I'm not sure I agree although I definitely see the correlation.
Writer's have this way of processing all the good, bad and ugly that happens to them. Very few writers I've ever been close with have used the words "i feel" in a sentence. Something gets twisted around in their language. They instead write, "Jimmy didn't like the way the wind crept up his spine, or the eerie bones of trees pointing emaciated fingers at the desperate sky, as though shifting the blame to the moon." If you're a poet, it's worse. It's: "death hangs around me like a shadow, a tattered coat that no longer keeps out the wind..." And actually, you're in Tempe, Arizona. The sun is shining and you're having a cup of coffee and maybe a slight headache or ringing in your ears from the laughter the night before. Writers have always been fascinating to me this way. I know this happens with other art genres too but because writers are using words to piece together what they might feel, many expect the literal. I guess you could write "I feel..." but writers rarely do. Why assign a label when you can create a scene? Why tell someone how you feel when you can show them with vivid illustration?
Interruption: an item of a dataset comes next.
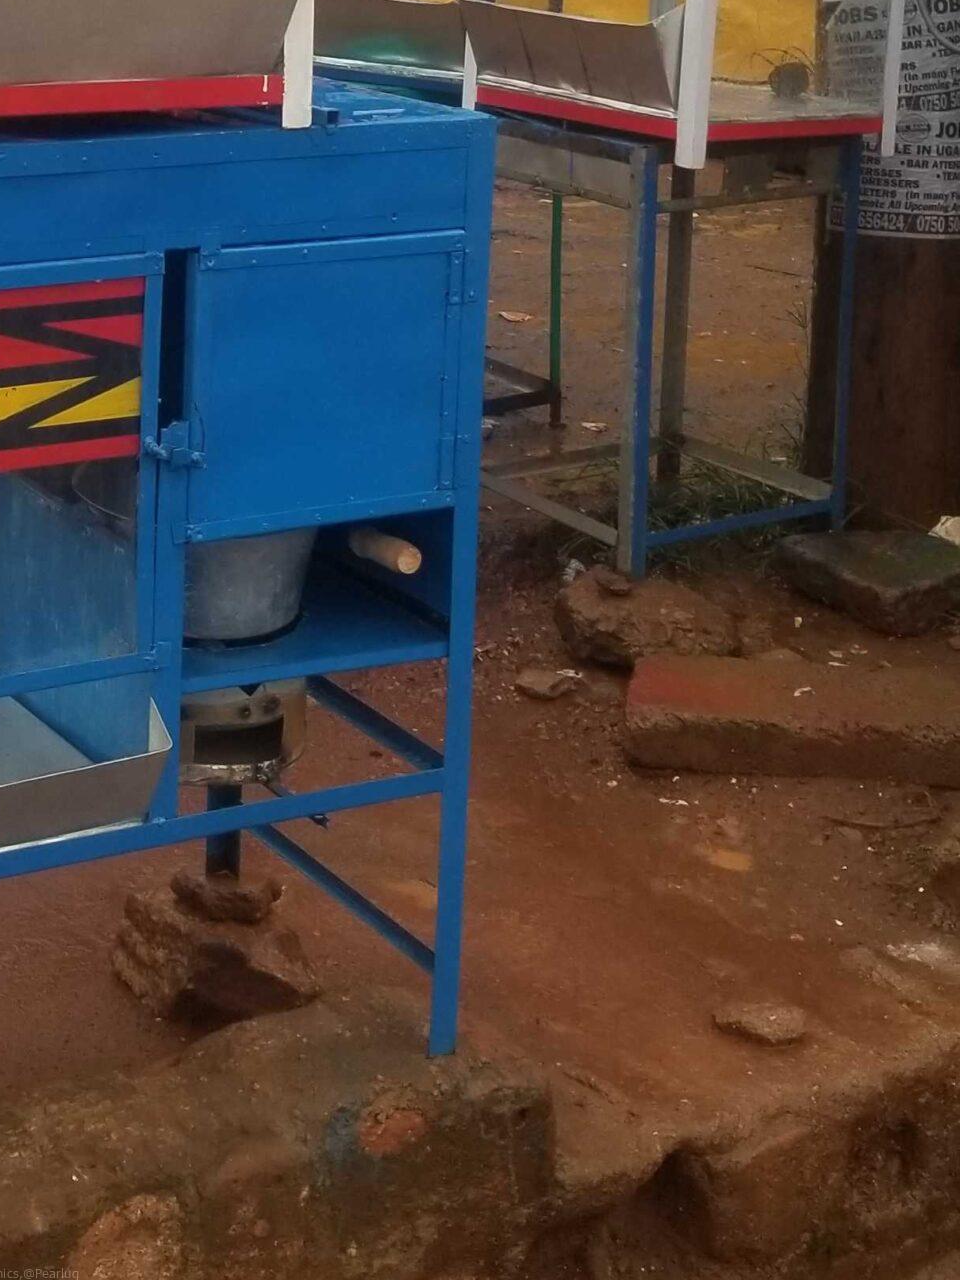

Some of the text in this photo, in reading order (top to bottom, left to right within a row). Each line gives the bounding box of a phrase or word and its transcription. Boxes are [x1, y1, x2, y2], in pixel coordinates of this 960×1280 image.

[907, 24, 921, 36] IN
[916, 145, 931, 155] IN
[906, 159, 929, 168] BAR
[916, 215, 945, 233] 0750
Of course, there are those elements of victimization that sometimes appear...and I guess that's why some would say 'poetry is like beating a dead thing with a stick.' But there is a difference between creating a scene wherein a character believes they are the victim verses a narrator who believes the whole world is against them verses someone who has succeeded at something in spite of lost opportunities or dejection. There is a difference between taking an inventory of all the adversity of your life or publicly eviscerating oneself in the hopes of changing someone's mind about something. In hopes of making them feel a fraction of what you felt. In hopes of understanding and humanity.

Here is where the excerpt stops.